### The problem
Every entry below has to appear again in your reply, word for word, but no picture may.

### Data supplied
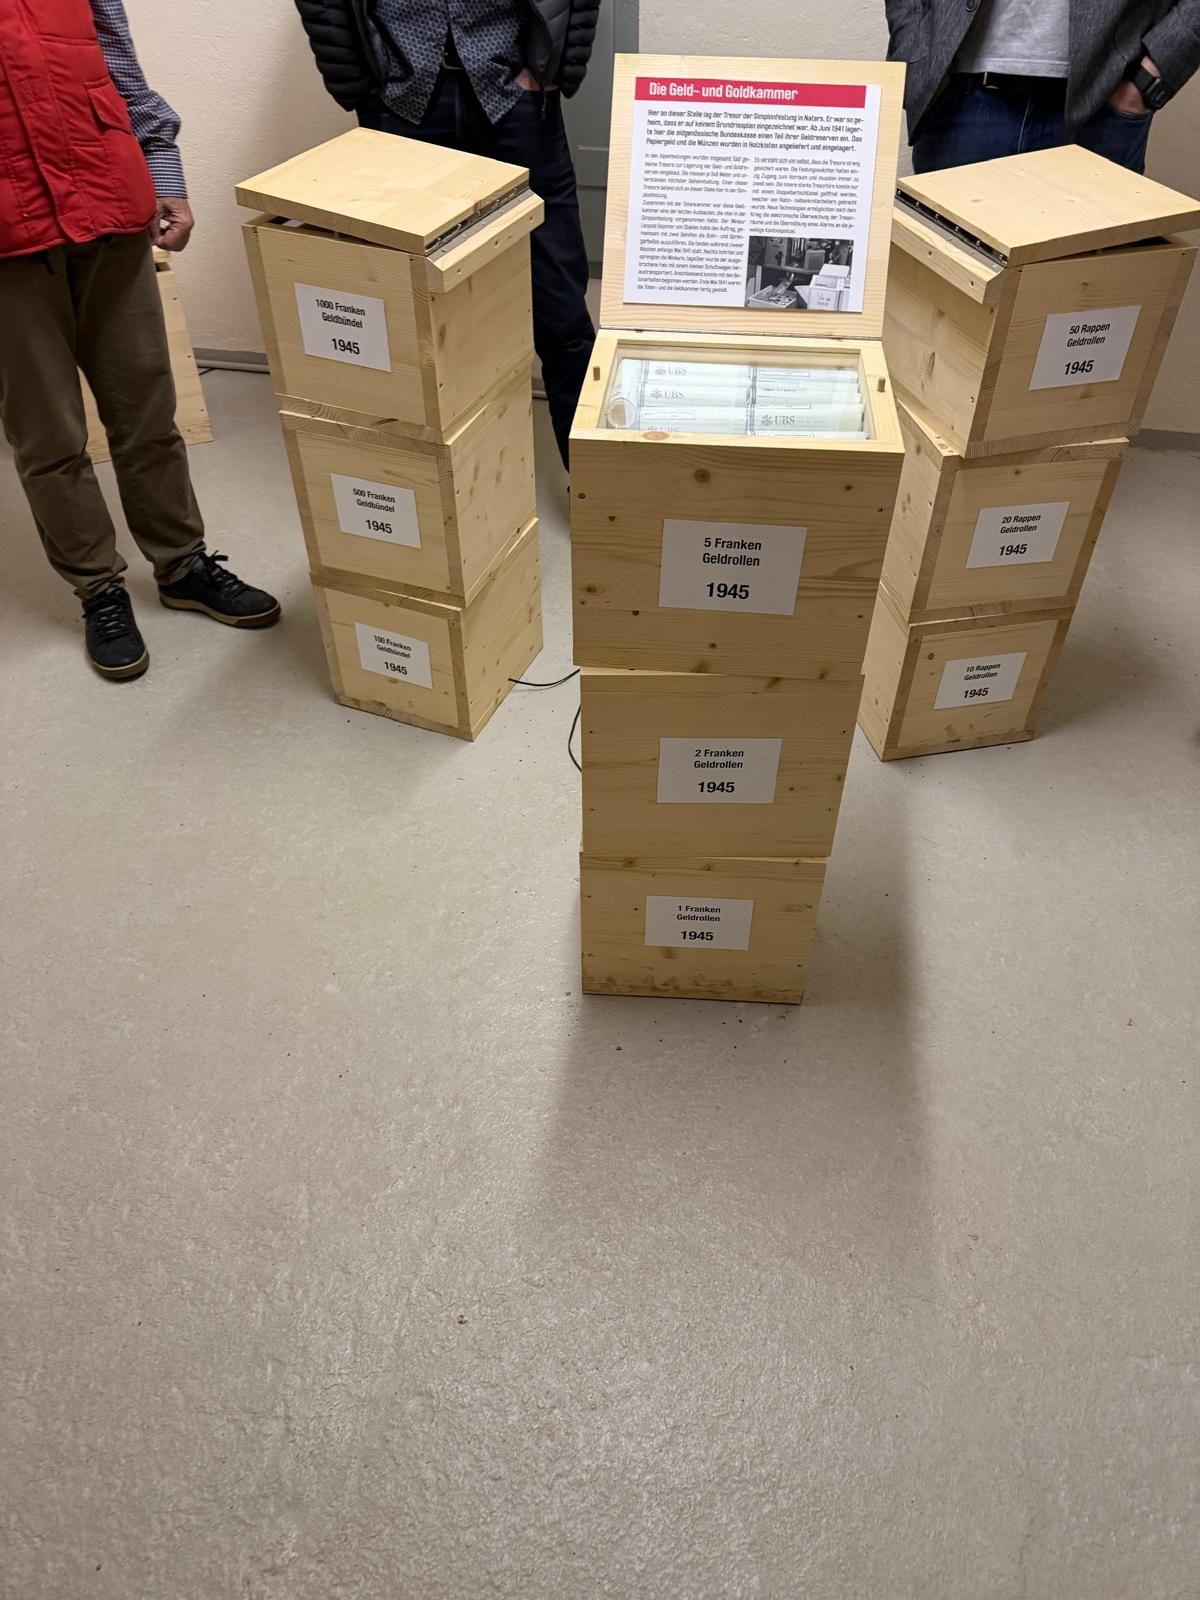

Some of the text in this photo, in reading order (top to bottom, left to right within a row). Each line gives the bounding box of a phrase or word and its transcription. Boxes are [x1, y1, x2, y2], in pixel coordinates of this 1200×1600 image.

[649, 82, 798, 100] Die Geld- und Goldkammer
[704, 111, 712, 119] lag
[753, 113, 797, 122] Simplonfestung
[316, 300, 365, 316] 1000 Franken
[322, 312, 363, 328] Geldbündel
[1069, 323, 1110, 334] 50 Rappen
[332, 338, 359, 354] 1945
[1067, 336, 1105, 347] Geldrollen
[668, 367, 687, 376] UBS
[1065, 360, 1094, 375] 1945
[664, 390, 684, 399] UBS
[775, 416, 795, 425] UBS
[353, 488, 395, 503] 500 Franken
[357, 499, 395, 512] Geldbündel
[1013, 515, 1041, 523] Rappen
[366, 520, 392, 533] 1945
[1000, 524, 1037, 534] Geldrollen
[704, 537, 762, 550] 5 Franken
[1000, 544, 1027, 556] 1945
[703, 553, 760, 566] Geldrollen
[707, 582, 749, 599] 1945
[374, 635, 411, 651] 100 Franken
[377, 644, 410, 659] Geldbündel
[384, 661, 407, 675] 1945
[964, 672, 998, 680] Geldrollen
[964, 688, 989, 698] 1945
[698, 782, 735, 792] 1945
[681, 931, 714, 941] 1945
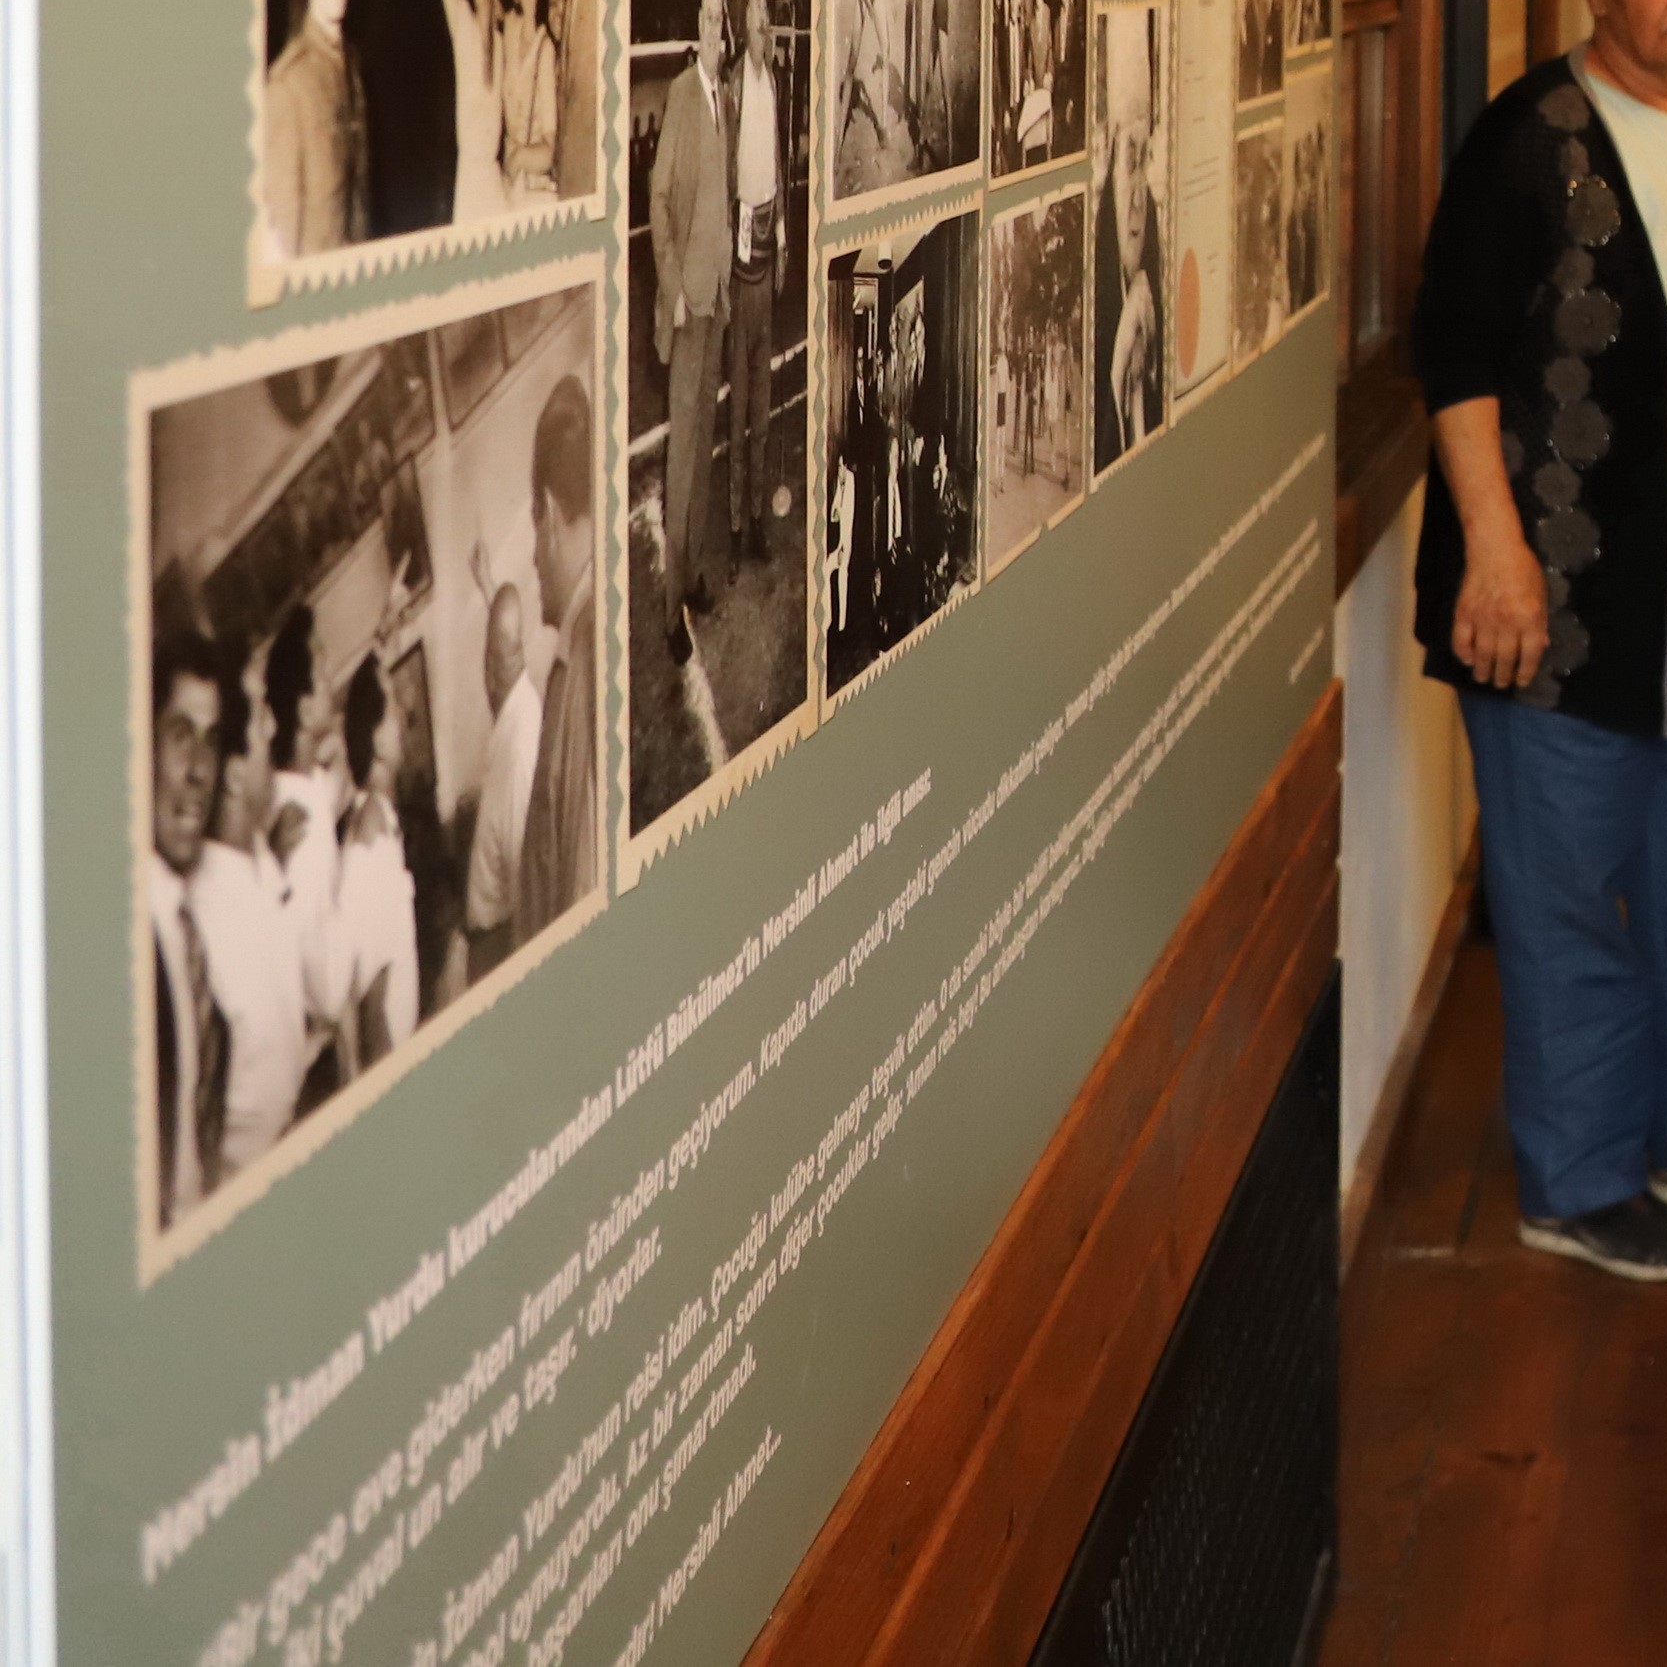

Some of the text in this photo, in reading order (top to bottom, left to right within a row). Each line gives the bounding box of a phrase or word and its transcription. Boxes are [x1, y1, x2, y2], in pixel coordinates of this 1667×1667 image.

[141, 1435, 261, 1582] Mersin
[264, 1332, 364, 1460] İdman
[367, 1251, 445, 1353] Yurdu
[448, 1085, 613, 1277] kurucularından
[615, 1022, 664, 1108] Lütfü
[666, 937, 760, 1057] Bükülmez'in
[762, 873, 816, 959] Mersinli
[817, 834, 859, 904] Ahmet
[860, 821, 876, 860] ile
[876, 789, 901, 846] ilgili
[267, 1514, 348, 1645] gece
[351, 1451, 404, 1534] eve
[407, 1326, 515, 1487] giderken
[518, 1252, 581, 1348] fırının
[584, 1158, 665, 1272] önünden
[668, 1061, 757, 1191] geçiyorum.
[759, 1000, 807, 1077] Kapıda
[809, 957, 847, 1020] duran
[848, 910, 885, 988] çocuk
[886, 859, 927, 943] yaştaki
[927, 827, 961, 896] gencin
[407, 1482, 443, 1549] un
[445, 1427, 488, 1505] alır
[491, 1392, 520, 1450] ve
[586, 1226, 662, 1337] diyorlar.
[441, 1534, 519, 1661] İdman
[523, 1403, 621, 1551] Yurdu'nun
[625, 1334, 665, 1423] reisi
[667, 1297, 707, 1368] idim.
[710, 1212, 767, 1323] Çocuğu
[770, 1154, 815, 1234] kulübe
[817, 1084, 870, 1181] gelmeye
[871, 1034, 906, 1100] teşvik
[907, 999, 938, 1054] ettim.
[939, 978, 948, 1012] O
[948, 965, 962, 1000] da
[962, 924, 988, 982] sanki
[509, 1473, 621, 1642] oynuyordu.
[625, 1428, 650, 1488] Az
[652, 1390, 677, 1450] bir
[678, 1318, 733, 1415] zaman
[735, 1258, 777, 1336] sonra
[779, 1206, 816, 1275] diğer
[817, 1131, 872, 1238] çocuklar
[872, 1089, 904, 1160] gelip:
[937, 1016, 957, 1062] reis
[957, 983, 979, 1035] bey!
[625, 1476, 660, 1548] onu
[662, 1343, 756, 1511] şımartmadı.
[658, 1425, 782, 1627] Mersinli Ahmet...
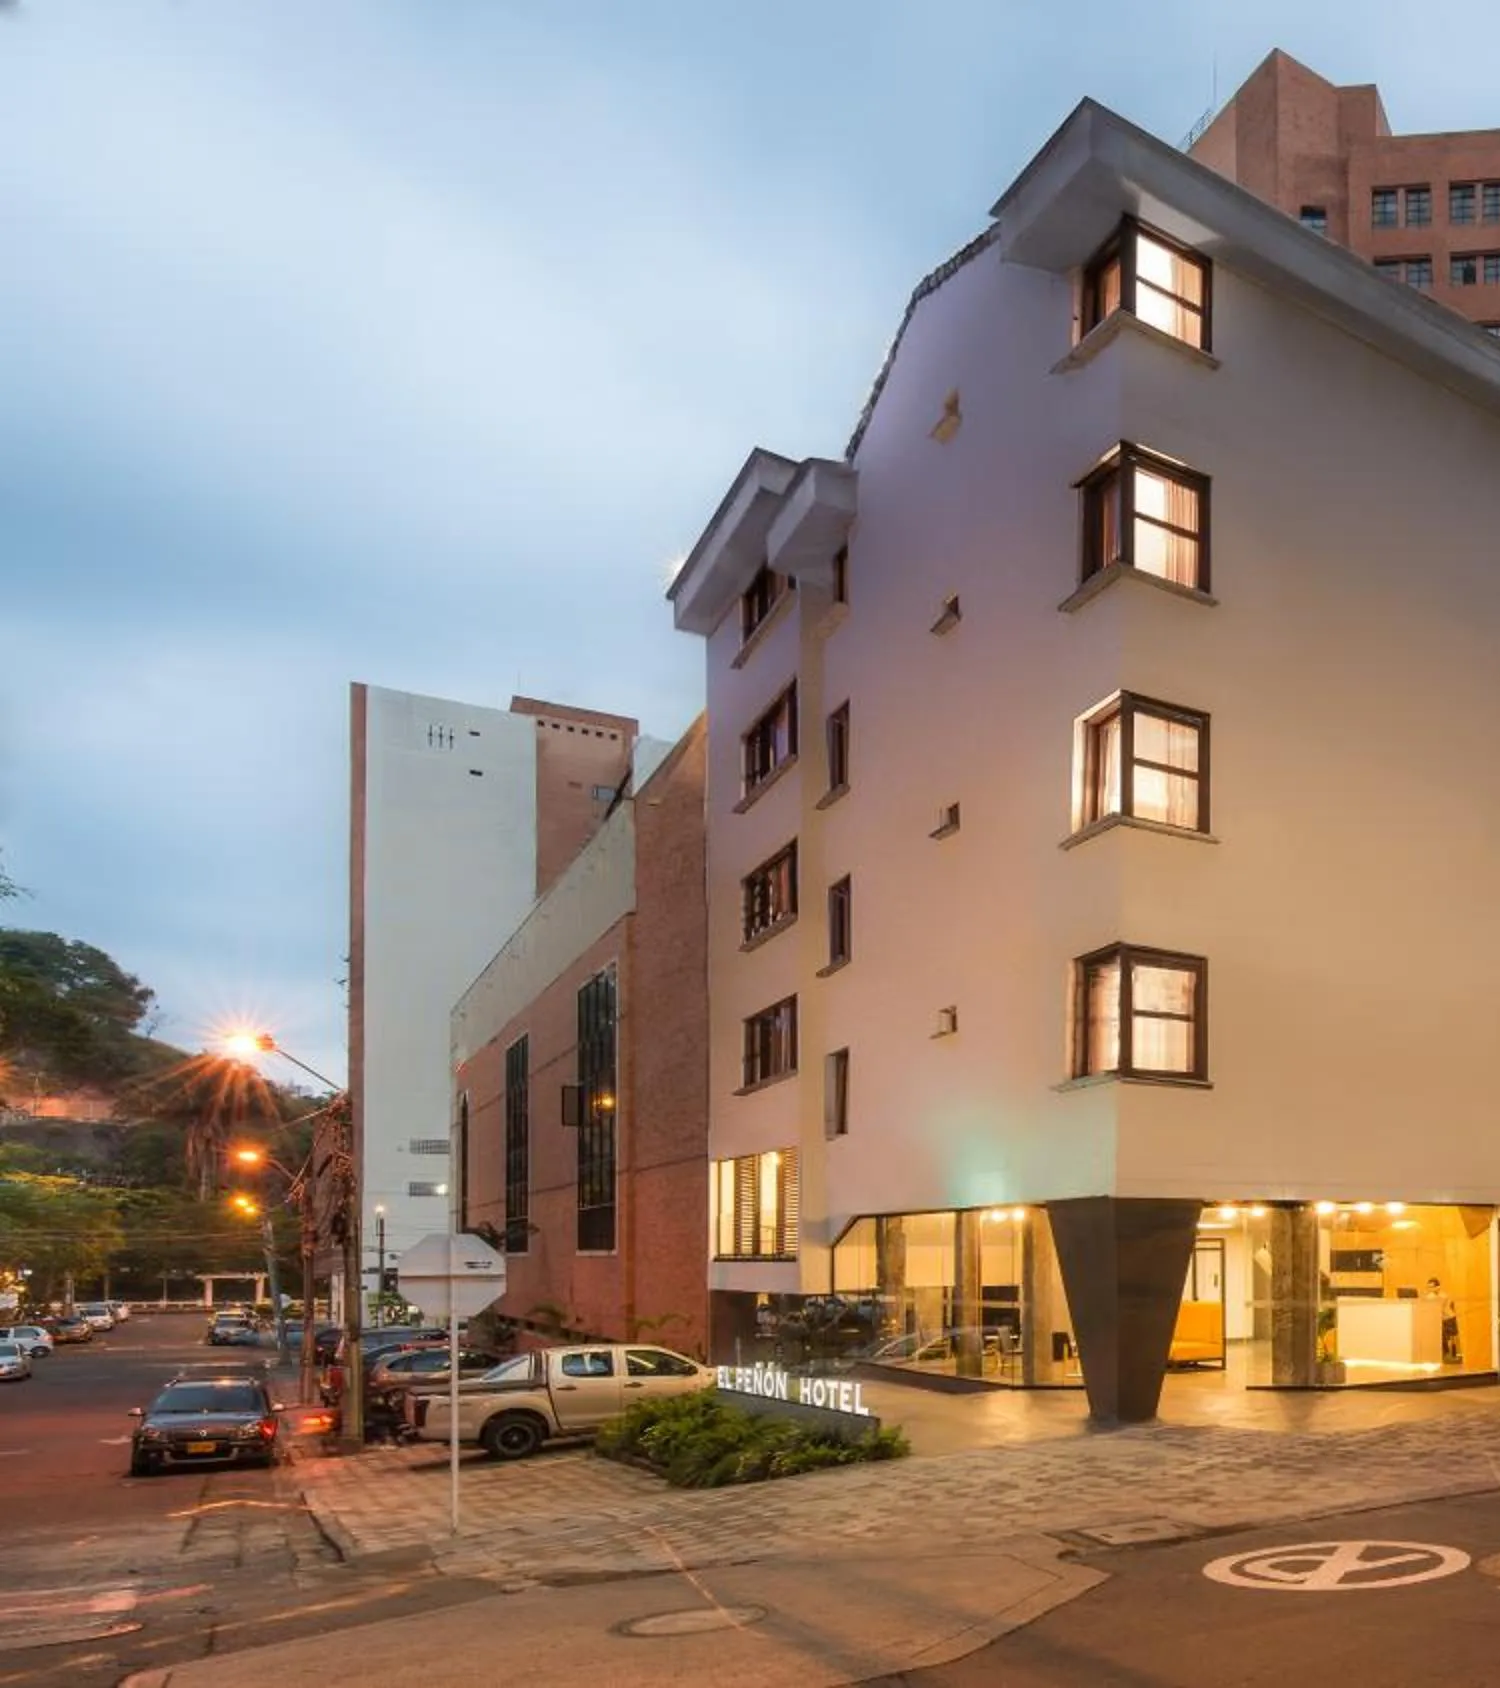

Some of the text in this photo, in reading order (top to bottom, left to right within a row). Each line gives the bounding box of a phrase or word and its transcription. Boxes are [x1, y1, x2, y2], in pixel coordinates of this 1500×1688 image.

### Reply
Some of the text in this photo, in reading order (top to bottom, left to right within a row). Each line gives the bounding box of a phrase or word and its transcription. Boxes are [x1, y1, x2, y2], in pixel coordinates of this 1200×1600 image.

[649, 82, 798, 100] Die Geld- und Goldkammer
[704, 111, 712, 119] lag
[753, 113, 797, 122] Simplonfestung
[316, 300, 365, 316] 1000 Franken
[322, 312, 363, 328] Geldbündel
[1069, 323, 1110, 334] 50 Rappen
[332, 338, 359, 354] 1945
[1067, 336, 1105, 347] Geldrollen
[668, 367, 687, 376] UBS
[1065, 360, 1094, 375] 1945
[664, 390, 684, 399] UBS
[775, 416, 795, 425] UBS
[353, 488, 395, 503] 500 Franken
[357, 499, 395, 512] Geldbündel
[1013, 515, 1041, 523] Rappen
[366, 520, 392, 533] 1945
[1000, 524, 1037, 534] Geldrollen
[704, 537, 762, 550] 5 Franken
[1000, 544, 1027, 556] 1945
[703, 553, 760, 566] Geldrollen
[707, 582, 749, 599] 1945
[374, 635, 411, 651] 100 Franken
[377, 644, 410, 659] Geldbündel
[384, 661, 407, 675] 1945
[964, 672, 998, 680] Geldrollen
[964, 688, 989, 698] 1945
[698, 782, 735, 792] 1945
[681, 931, 714, 941] 1945

Some of the text in this photo, in reading order (top to bottom, left to right within a row). Each line gives the bounding box of a phrase or word and its transcription. Boxes are [x1, y1, x2, y2], in pixel coordinates of this 1667×1667 image.

[141, 1435, 261, 1582] Mersin
[264, 1332, 364, 1460] İdman
[367, 1251, 445, 1353] Yurdu
[448, 1085, 613, 1277] kurucularından
[615, 1022, 664, 1108] Lütfü
[666, 937, 760, 1057] Bükülmez'in
[762, 873, 816, 959] Mersinli
[817, 834, 859, 904] Ahmet
[860, 821, 876, 860] ile
[876, 789, 901, 846] ilgili
[267, 1514, 348, 1645] gece
[351, 1451, 404, 1534] eve
[407, 1326, 515, 1487] giderken
[518, 1252, 581, 1348] fırının
[584, 1158, 665, 1272] önünden
[668, 1061, 757, 1191] geçiyorum.
[759, 1000, 807, 1077] Kapıda
[809, 957, 847, 1020] duran
[848, 910, 885, 988] çocuk
[886, 859, 927, 943] yaştaki
[927, 827, 961, 896] gencin
[407, 1482, 443, 1549] un
[445, 1427, 488, 1505] alır
[491, 1392, 520, 1450] ve
[586, 1226, 662, 1337] diyorlar.
[441, 1534, 519, 1661] İdman
[523, 1403, 621, 1551] Yurdu'nun
[625, 1334, 665, 1423] reisi
[667, 1297, 707, 1368] idim.
[710, 1212, 767, 1323] Çocuğu
[770, 1154, 815, 1234] kulübe
[817, 1084, 870, 1181] gelmeye
[871, 1034, 906, 1100] teşvik
[907, 999, 938, 1054] ettim.
[939, 978, 948, 1012] O
[948, 965, 962, 1000] da
[962, 924, 988, 982] sanki
[509, 1473, 621, 1642] oynuyordu.
[625, 1428, 650, 1488] Az
[652, 1390, 677, 1450] bir
[678, 1318, 733, 1415] zaman
[735, 1258, 777, 1336] sonra
[779, 1206, 816, 1275] diğer
[817, 1131, 872, 1238] çocuklar
[872, 1089, 904, 1160] gelip:
[937, 1016, 957, 1062] reis
[957, 983, 979, 1035] bey!
[625, 1476, 660, 1548] onu
[662, 1343, 756, 1511] şımartmadı.
[658, 1425, 782, 1627] Mersinli Ahmet...

Some of the text in this photo, in reading order (top to bottom, left to right within a row). Each line gives the bounding box of a phrase or word and its transcription. Boxes are [x1, y1, x2, y2], in pixel coordinates of this 1500×1688 image.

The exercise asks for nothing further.